Top of RECORDS PROVIDED

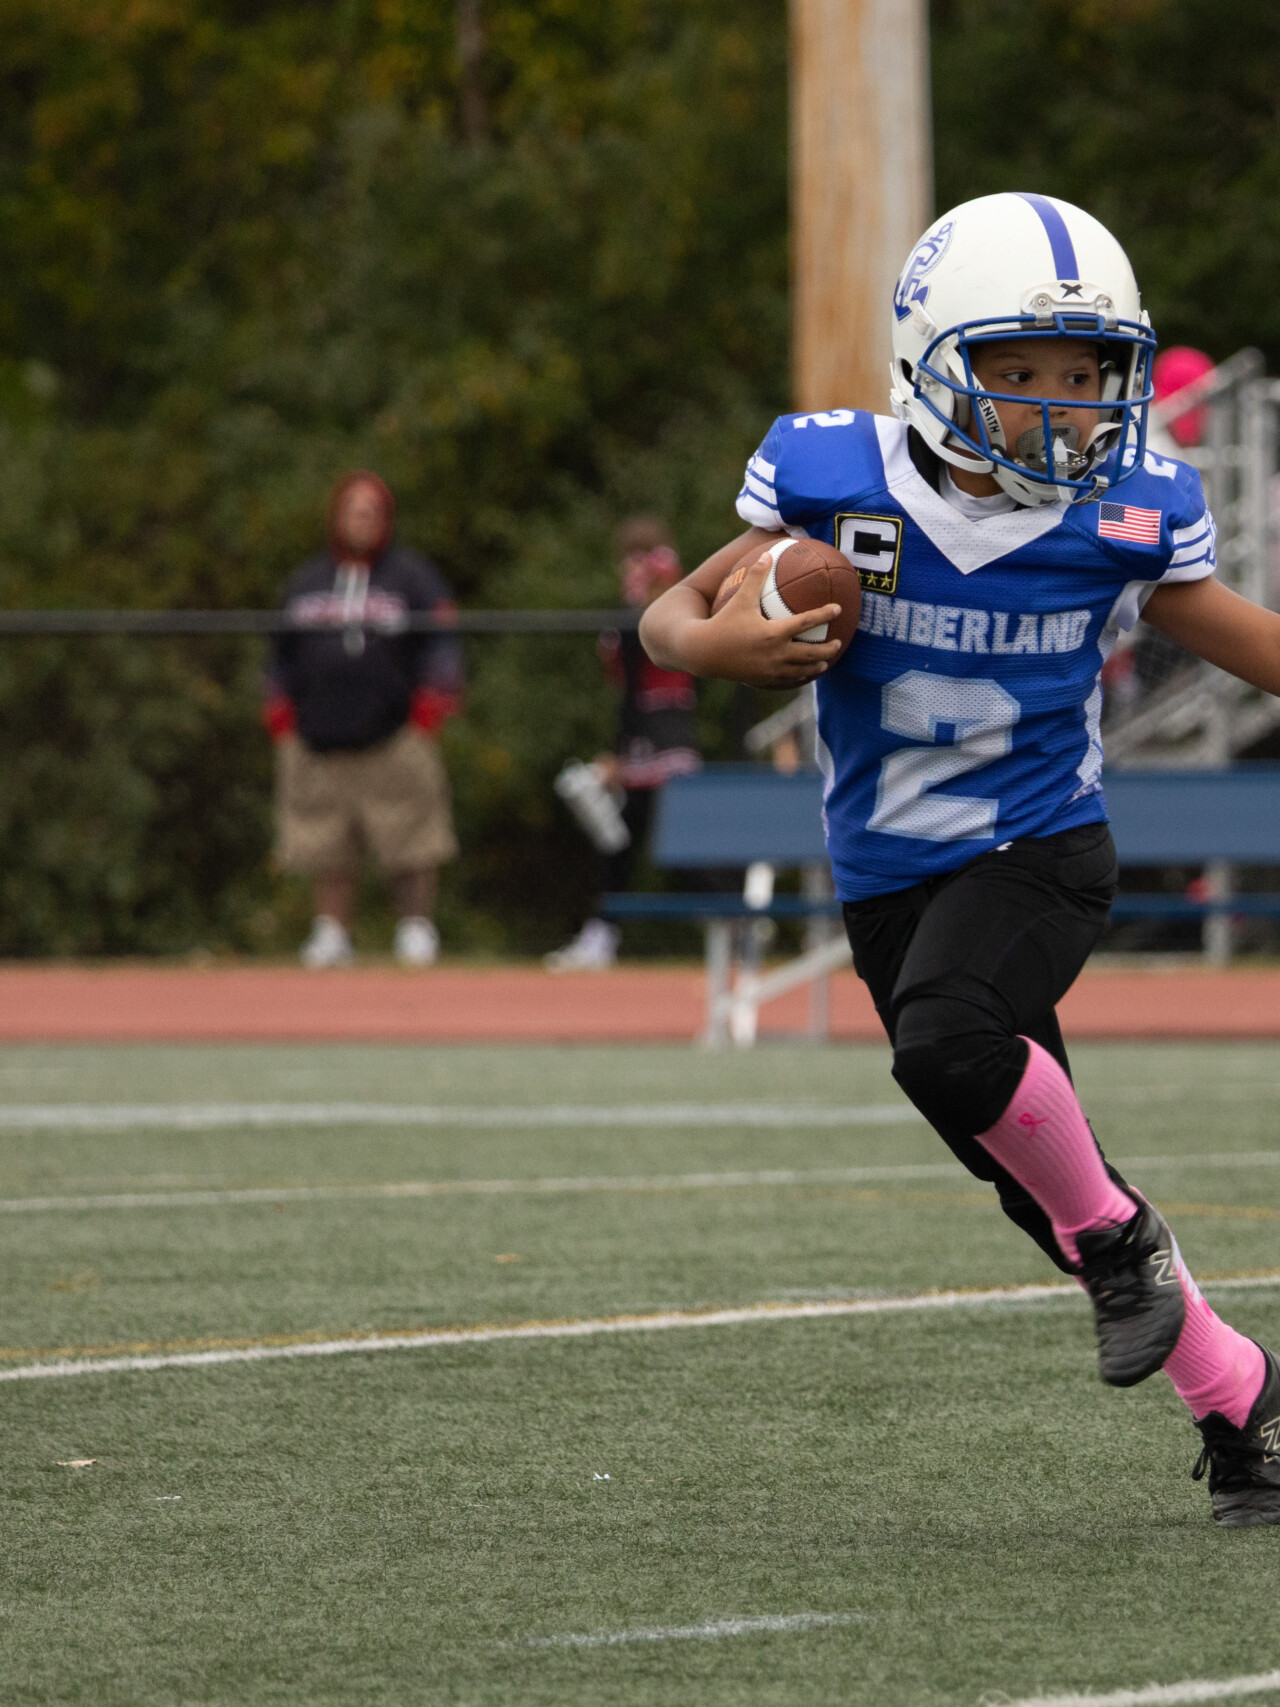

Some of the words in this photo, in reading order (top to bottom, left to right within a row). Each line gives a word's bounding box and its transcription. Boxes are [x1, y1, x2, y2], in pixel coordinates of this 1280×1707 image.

[975, 384, 1000, 434] ENITH
[840, 518, 898, 573] C
[856, 590, 1092, 655] UMBERLAND
[865, 669, 1021, 843] 2
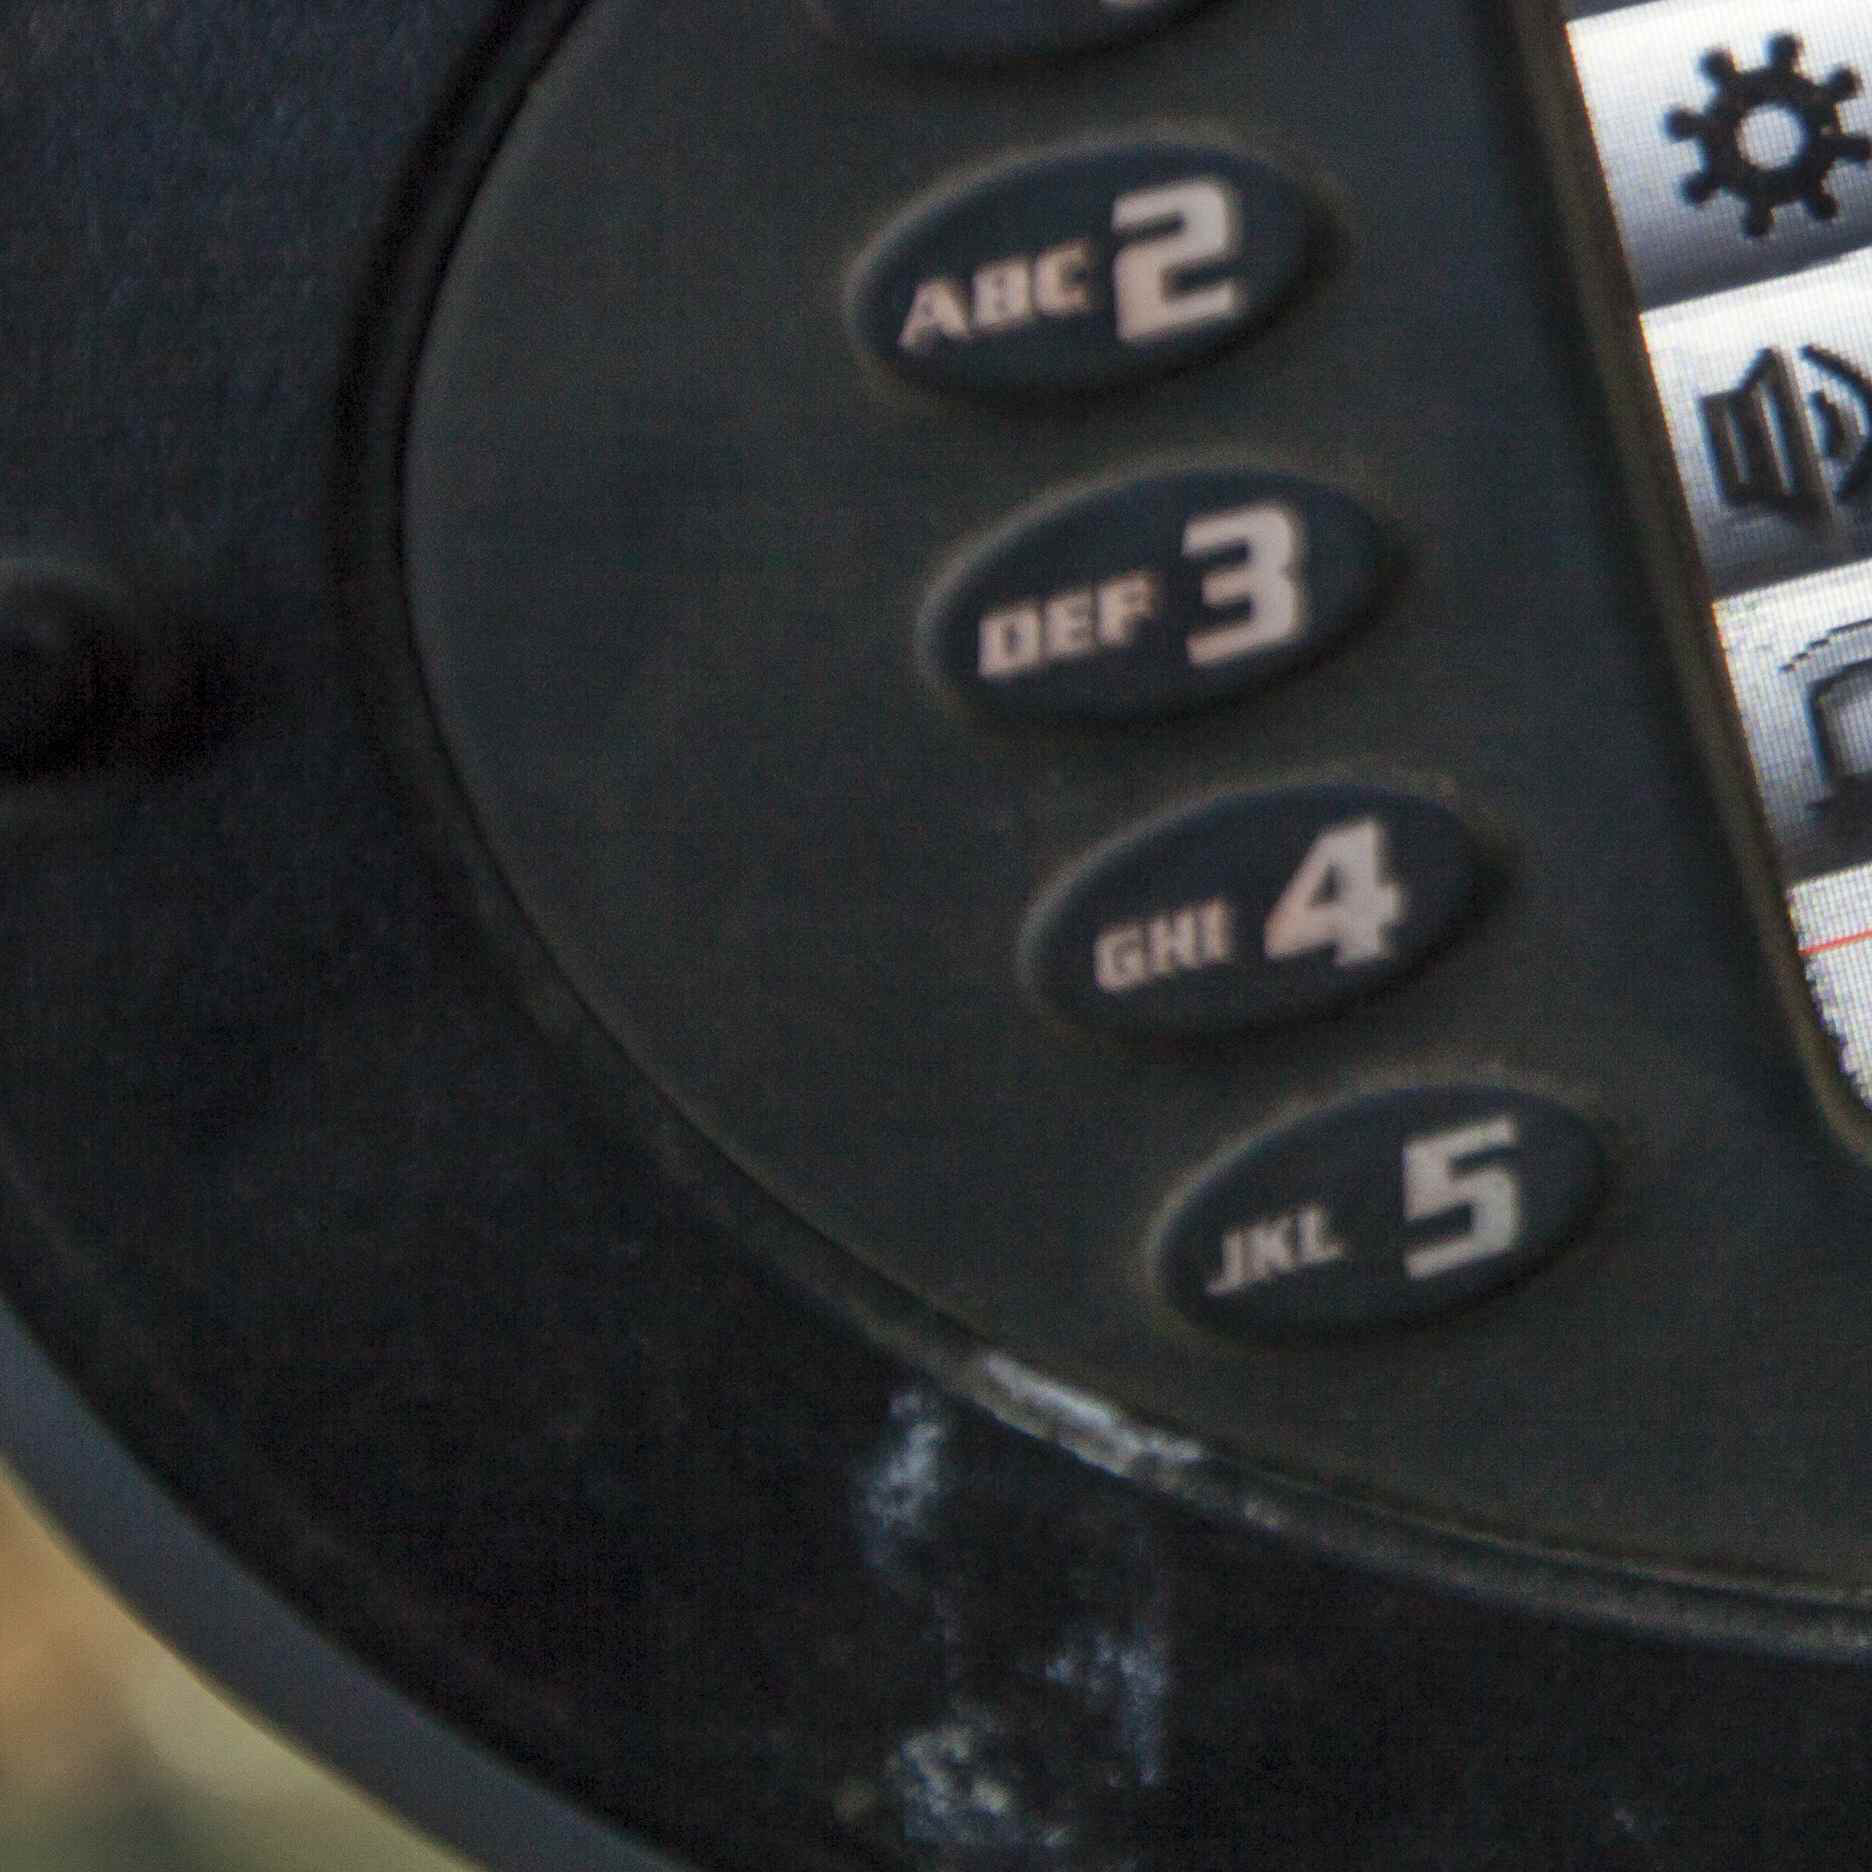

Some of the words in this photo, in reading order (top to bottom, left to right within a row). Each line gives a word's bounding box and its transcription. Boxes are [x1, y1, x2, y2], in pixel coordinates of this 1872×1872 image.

[896, 236, 1092, 353] ABC
[1114, 178, 1238, 344] 2
[977, 569, 1160, 682] DEF
[1181, 504, 1305, 665] 3
[1095, 900, 1233, 995] GHI
[1263, 817, 1401, 967] 4
[1207, 1204, 1349, 1297] JKL
[1402, 1116, 1518, 1280] 5
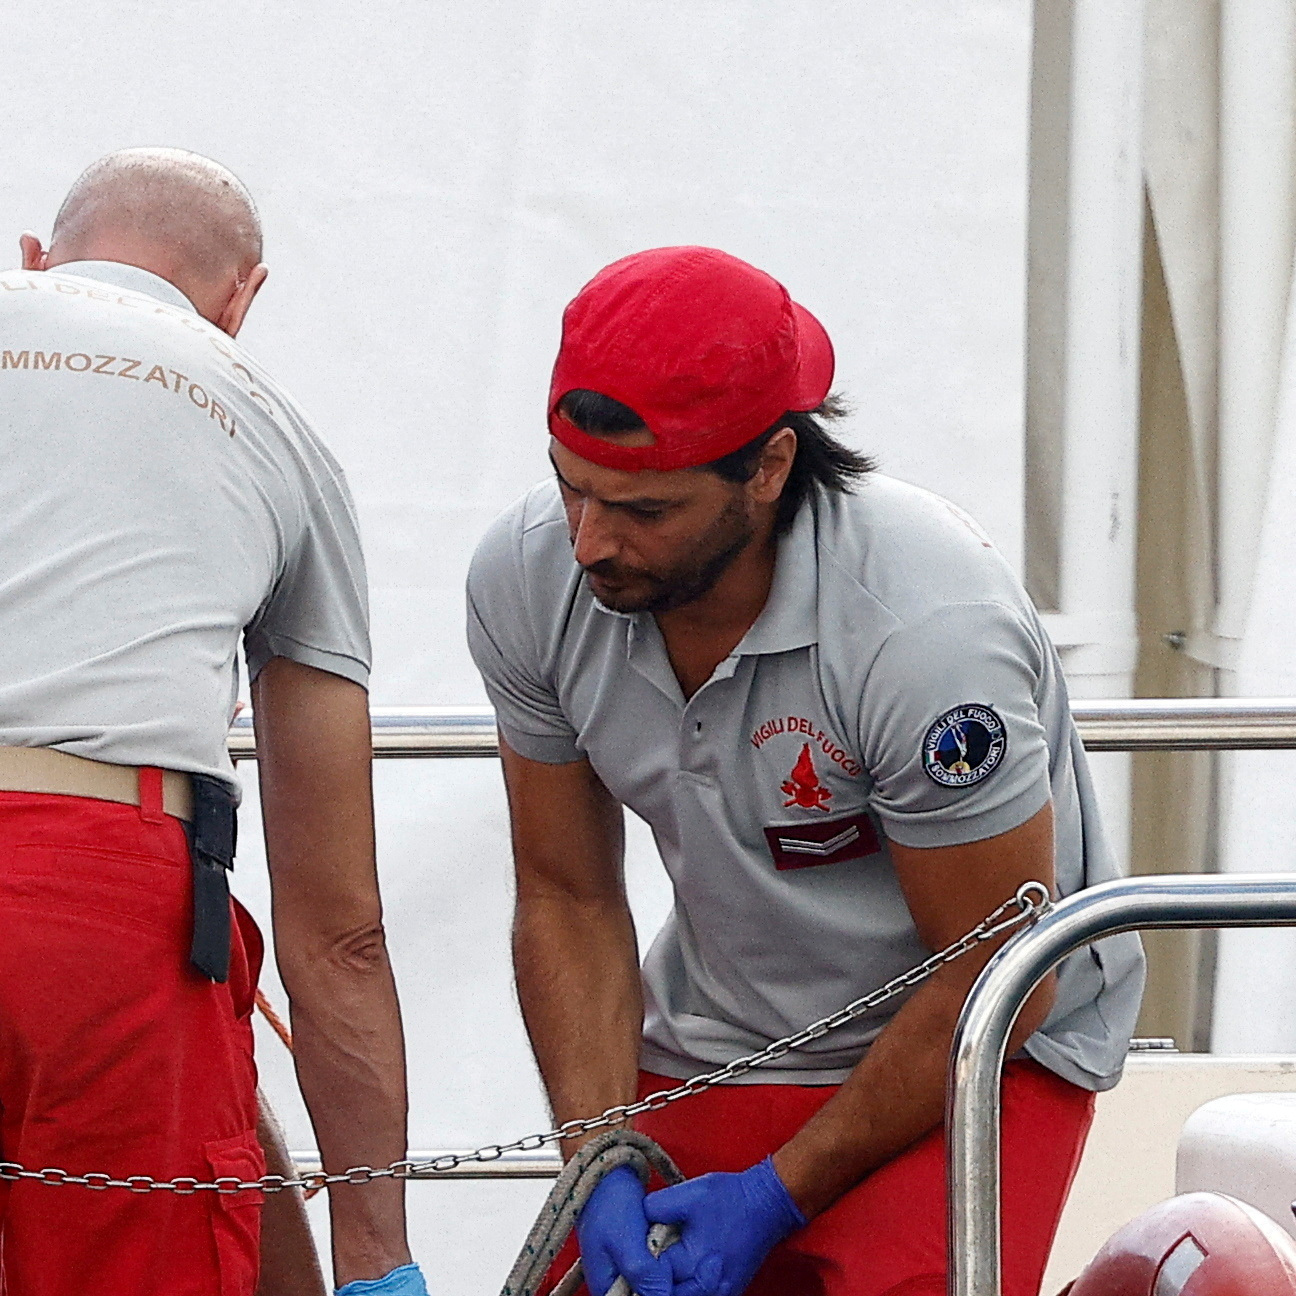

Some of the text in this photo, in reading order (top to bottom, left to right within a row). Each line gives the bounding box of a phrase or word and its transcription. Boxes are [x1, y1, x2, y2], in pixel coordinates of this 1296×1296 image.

[54, 283, 139, 308] DEL
[749, 716, 863, 777] VIGILI DEL FUOCO
[927, 708, 997, 750] VIGILI DEL FUOCO
[930, 746, 1001, 784] SOMMOZZATORI

Bottom of RECORDS PROVIDED

» **TASK OBJECTIVE**
What is needed is a verbatim copy of every entry, with the pictures omitted.

» **OUTPUT FOR THIS EXERCISE**
Some of the words in this photo, in reading order (top to bottom, left to right within a row). Each line gives a word's bounding box and its transcription. Boxes are [x1, y1, x2, y2], in pixel coordinates of this 1280×1707 image.

[975, 384, 1000, 434] ENITH
[840, 518, 898, 573] C
[856, 590, 1092, 655] UMBERLAND
[865, 669, 1021, 843] 2

Some of the words in this photo, in reading order (top to bottom, left to right within a row). Each line gives a word's bounding box and its transcription. Boxes are [x1, y1, x2, y2], in pixel coordinates of this 1872×1872 image.

[896, 236, 1092, 353] ABC
[1114, 178, 1238, 344] 2
[977, 569, 1160, 682] DEF
[1181, 504, 1305, 665] 3
[1095, 900, 1233, 995] GHI
[1263, 817, 1401, 967] 4
[1207, 1204, 1349, 1297] JKL
[1402, 1116, 1518, 1280] 5

Some of the text in this photo, in reading order (top to bottom, left to right within a row). Each line gives the bounding box of a phrase or word and its transcription. Boxes are [x1, y1, x2, y2], in pixel coordinates of this 1296×1296 image.

[54, 283, 139, 308] DEL
[749, 716, 863, 777] VIGILI DEL FUOCO
[927, 708, 997, 750] VIGILI DEL FUOCO
[930, 746, 1001, 784] SOMMOZZATORI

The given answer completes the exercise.